I have been neglecting this blog lately.I should be able to churn out at least one post a week, right? Well, if I have a steady supply of awkward moments, I should be able to blog more.
Before I forget, remember my last post when I kissed my girl K? Well, here's the most interesting part:
Some people I know actually saw that as it happened. It is a really odd feeling when someone comes over to you and says something along the lines of.....
"So, I was also at (insert name of place) two Saturdays ago. I was there with (insert a few names I recognized)....We wanted to say hi but you were busy..."
The only consolation is the fact that I have blogged about it before they said they saw my craziness.
Menopause came early for me. Well, not really but the mood swings have become really bad and more frequent lately and sometimes, when I'm alone at my apartment, I feel like blowing my head off. Except, I don't have a gun. I'm trying to make that sound funny but I know I suck at making a joke out of this.

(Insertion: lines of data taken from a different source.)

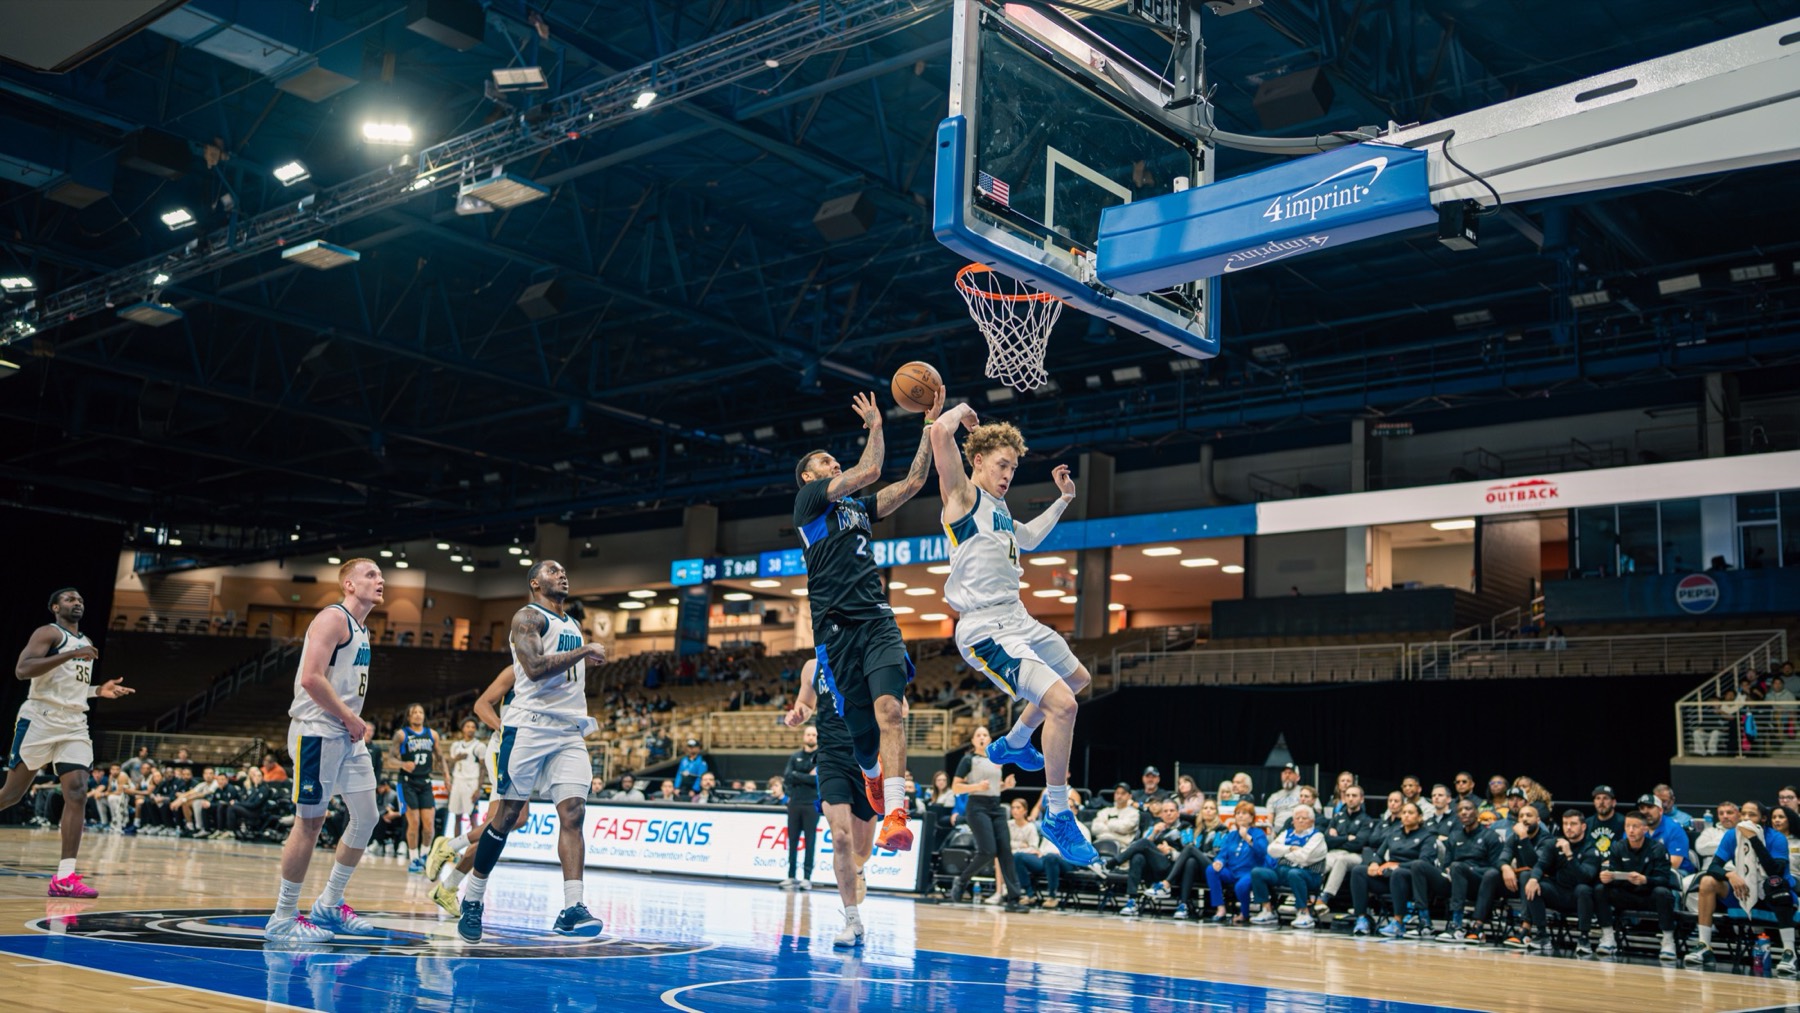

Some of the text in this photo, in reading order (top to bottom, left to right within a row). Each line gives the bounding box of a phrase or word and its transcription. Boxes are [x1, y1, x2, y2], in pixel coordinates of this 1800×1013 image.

[1263, 184, 1362, 223] 4imprint
[1235, 235, 1329, 263] 4imprint
[1485, 486, 1559, 503] OUTBACK
[856, 535, 867, 556] 2
[873, 540, 911, 565] BIG
[1009, 537, 1018, 565] 4
[703, 564, 716, 579] 35
[1679, 588, 1716, 598] PEPSI
[76, 664, 90, 684] 35
[358, 673, 367, 697] 6
[414, 753, 428, 765] 13
[593, 817, 713, 846] FASTSIGNS
[588, 845, 608, 855] South
[685, 852, 711, 863] Center

When I told my sister I wanted to give up my apartment, she was aghast. I love my apartment. It's not that the place is too big for me (because it isn't) or that it is expensive (it is in a nice neighborhood) but when I'm alone on some nights and when everyone else cannot go out with me and I am at the peak of a crazy mood swing, I start thinking of the gun that I don't have.
One of my best friends, Tess, wants me to stay with her every weekend. She can't hang out at my place or go to the movies or get drunk with me because she has kids so she invites me to sleep over instead. She jokes about a lot of things all the time but her jokes are, as they say, half-meant.
"I don't wanna discover you at your apartment, ten days later, to be hanging from the ceiling," she told me yesterday morning when we were smoking inside her room.
"Or with my brain matter scattered on the floor?" I quipped.
"Um, think of how much work your dead body will entail if you fail to choose the right way to die...." She said thoughtfully.
"You have a point..." I laughed.
My mother went as far as getting mad at me for never staying at my apartment on weekends. She says I'm always out and spending too much money. If only she knows how much NOT staying alone at home has helped keep her daughter alive, she wouln't even complain. My sister complains that I don't live in my apartment anymore. I don't because it's so eerily quiet and lonely.
Normal people are comfortable with being alone, for example, at home. As for me, I was never normal so my separation anxiety and fear of being alone has become so severe this week that I don't wanna go home and sleep alone. Instead, I work 14-16 hours just to be in an office with a lot of people and then sleep over at a friend's house for a few hours and then go home to shower and get dressed and then go back to work.
I don't know what is wrong with me now. I find that so many things are not turning out right in my world. So far, only work has remained constant and it is one of the few things that are keeping me sane.
Where do I find a shrink around Cebu City?